Monday, January 01, 2018

Keystone Species

Burrowing Owl (Athene cunicularia), McKenzie County, ND. Photo 8/11/15. 
Assassin.


Although widespread and numerous, their numbers are declining. They are considered rare in some western states and Canada. These birds are strongly dependent upon prairie dog town burrows.

This is the story: It is estimated that there were 1 billion prairie dogs in North America before European settlement. As a result of widespread deliberate poisoning, conversion of prairie to cropland, and the introduction of sylvatic plague, the acreage and population of prairie dogs saw a 90-98% decline from the year 1900. This eradication has had unintended and unforeseen consequences. The landscape features created by prairie dogs support a host of other species, including the Burrowing Owl. A quote from Miller, 2000:

"Nine of the species depended on prairie dogs. Abundance data for an additional 20 species indicated the opportunistic use of prairie dog colonies, and abundance data for another 117 species was lacking on or off colonies, but their life history indicated that they could potentially benefit from prairie dog activities." 

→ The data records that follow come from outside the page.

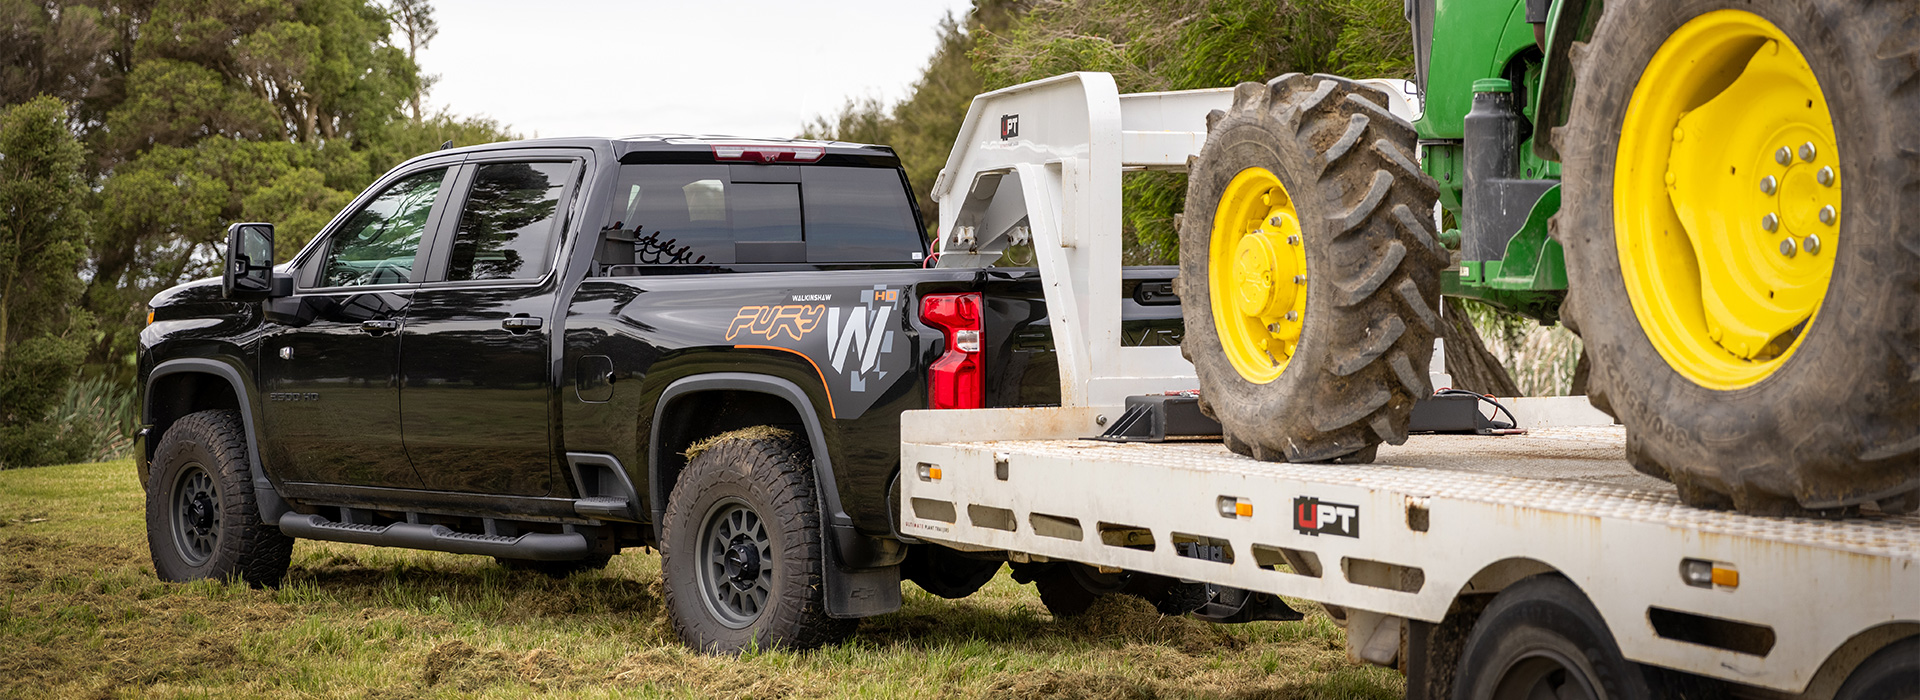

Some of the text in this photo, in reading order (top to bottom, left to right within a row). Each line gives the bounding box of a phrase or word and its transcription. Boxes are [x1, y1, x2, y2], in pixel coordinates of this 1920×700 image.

[1002, 117, 1018, 136] UPT
[792, 294, 832, 302] WALKINSHAW
[874, 290, 897, 301] HD
[725, 304, 826, 341] FURY
[302, 392, 319, 401] HD
[1298, 503, 1356, 534] UPT

In so doing, the prairie dog is considered a keystone species. Quoting from Miller again, a keystone species "must exert an effect, the effect must be larger than predicted by their abundance, and the effects should be unique." In other words, they have an outsized influence on the species around them and an exceptional number of those species rely upon them.  




The unintended and unforeseen consequence: As prairie dogs declined, so did many of those 146 species around them. The most notable example of this was the black-footed ferret, which dines almost exclusively on prairie dogs. As prairie dogs were eradicated, the ferret followed, nearly to extinction. By 1981, only one small colony in Wyoming remained, and in 1985, it barely survived an outbreak of canine distemper, another introduced disease. Today, there are about 300 of them at captive-breeding facilities and they have been introduced into the wild at 28 locations to date. Four locations have self-sustaining populations. It is estimated that there are hundreds of ferrets in the wild today. Distemper, plague, and inbreeding threaten to usher them out of existence and into museum displays. 


At one time there were tens of thousands.